Indah Water Konsortium Sdn. Bhd. (doing business as  Indah Water or IWK) is a Malaysian national wastewater and sanitation company. It is a government-owned company under the Minister of Finance Incorporated, which has the task of developing and maintaining a modern and efficient sewerage system for West Malaysia. Its operations and management was well-organized in compliance with standards from the Department of Environment.

History
Indah Water was established on 2 April 1994 when the Federal Government granted the company, a concession for nationwide sewerage services which prior to that, was under the responsibility of local authorities.
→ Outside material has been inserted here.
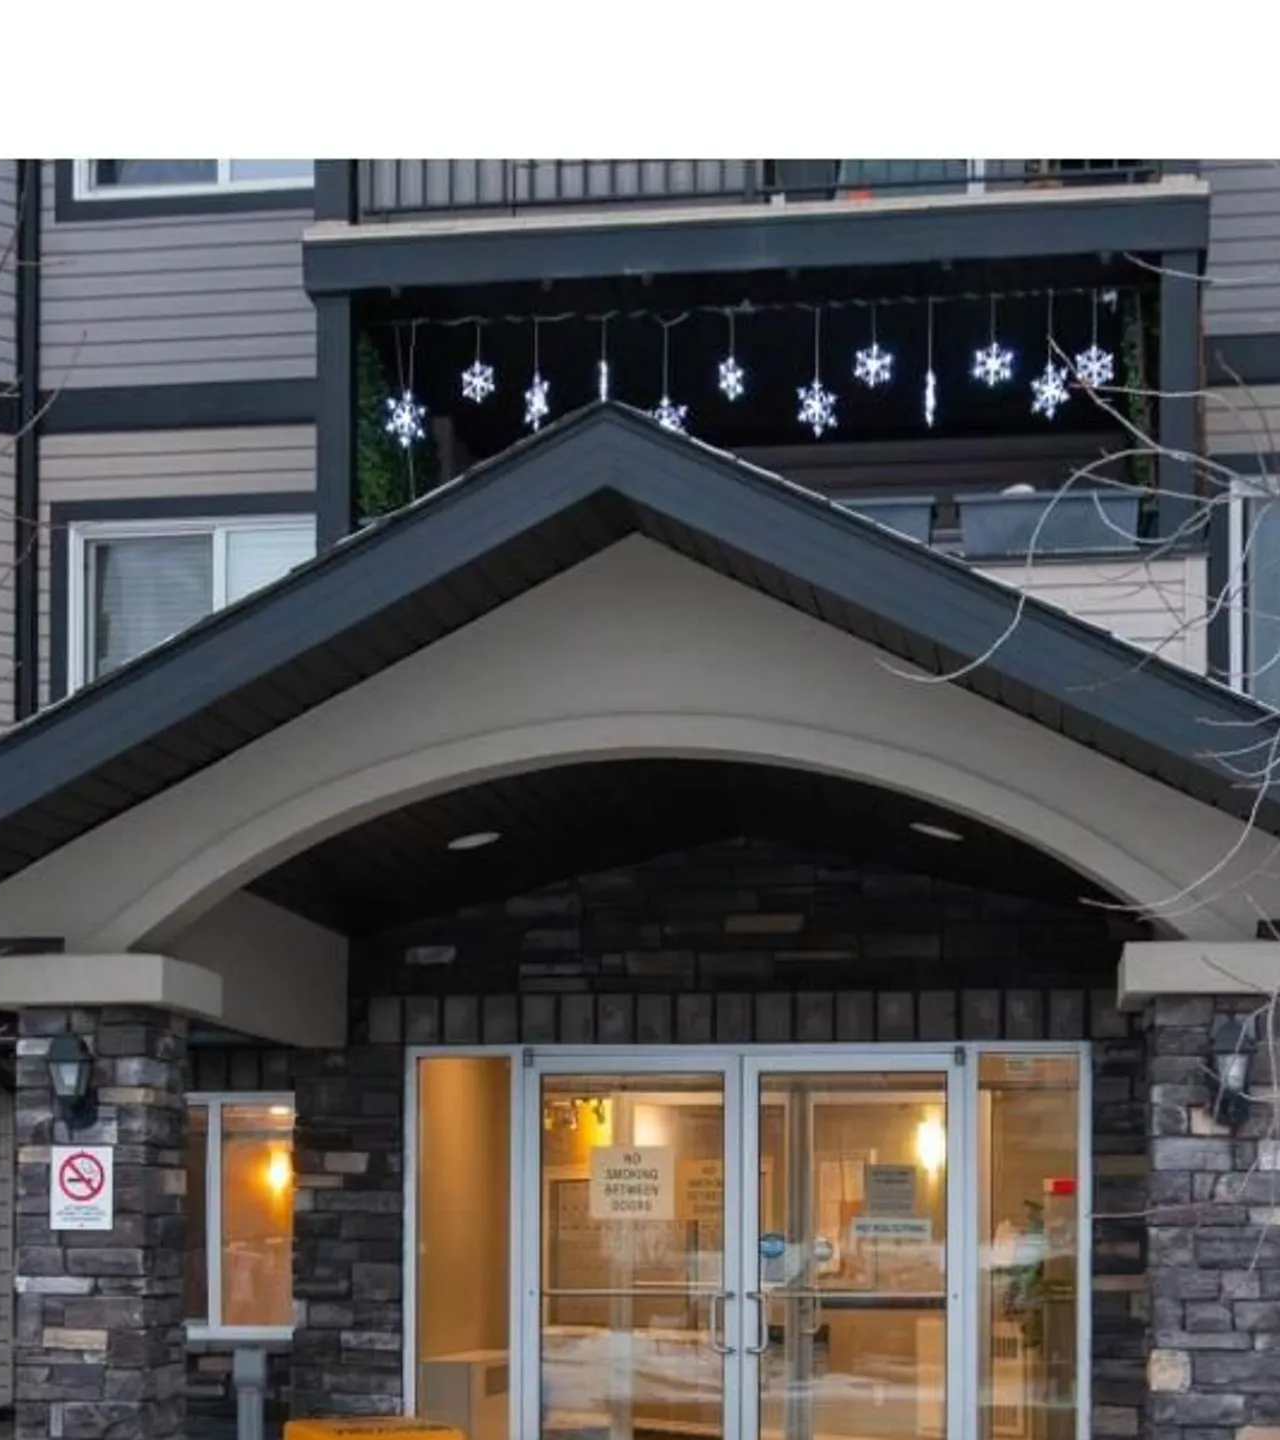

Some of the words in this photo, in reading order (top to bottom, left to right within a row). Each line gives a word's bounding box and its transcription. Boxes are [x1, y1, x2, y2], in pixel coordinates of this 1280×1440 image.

[622, 1151, 642, 1165] NO
[604, 1168, 658, 1180] SMOKING
[603, 1183, 658, 1196] BETWEEN
Since then, Indah Water has taken over the sewerage services from local authorities in all areas except the States of Sabah, Sarawak, Johor Bahru and Pasir Gudang Municipal Council in Johor.

In June 2000, the Government ensured that a well-organized and efficient sewerage system was maintained effectively. The Minister of Finance Incorporated has acquired all equity in Indah Water from its former private owners.

The company shares its wastewater management expertise with several Asian countries under their IWK 2020 Transformation Plan (ITP2020) initiated in 2017. The plan will focus on four different pillars namely human capital development, innovation, automation and technology.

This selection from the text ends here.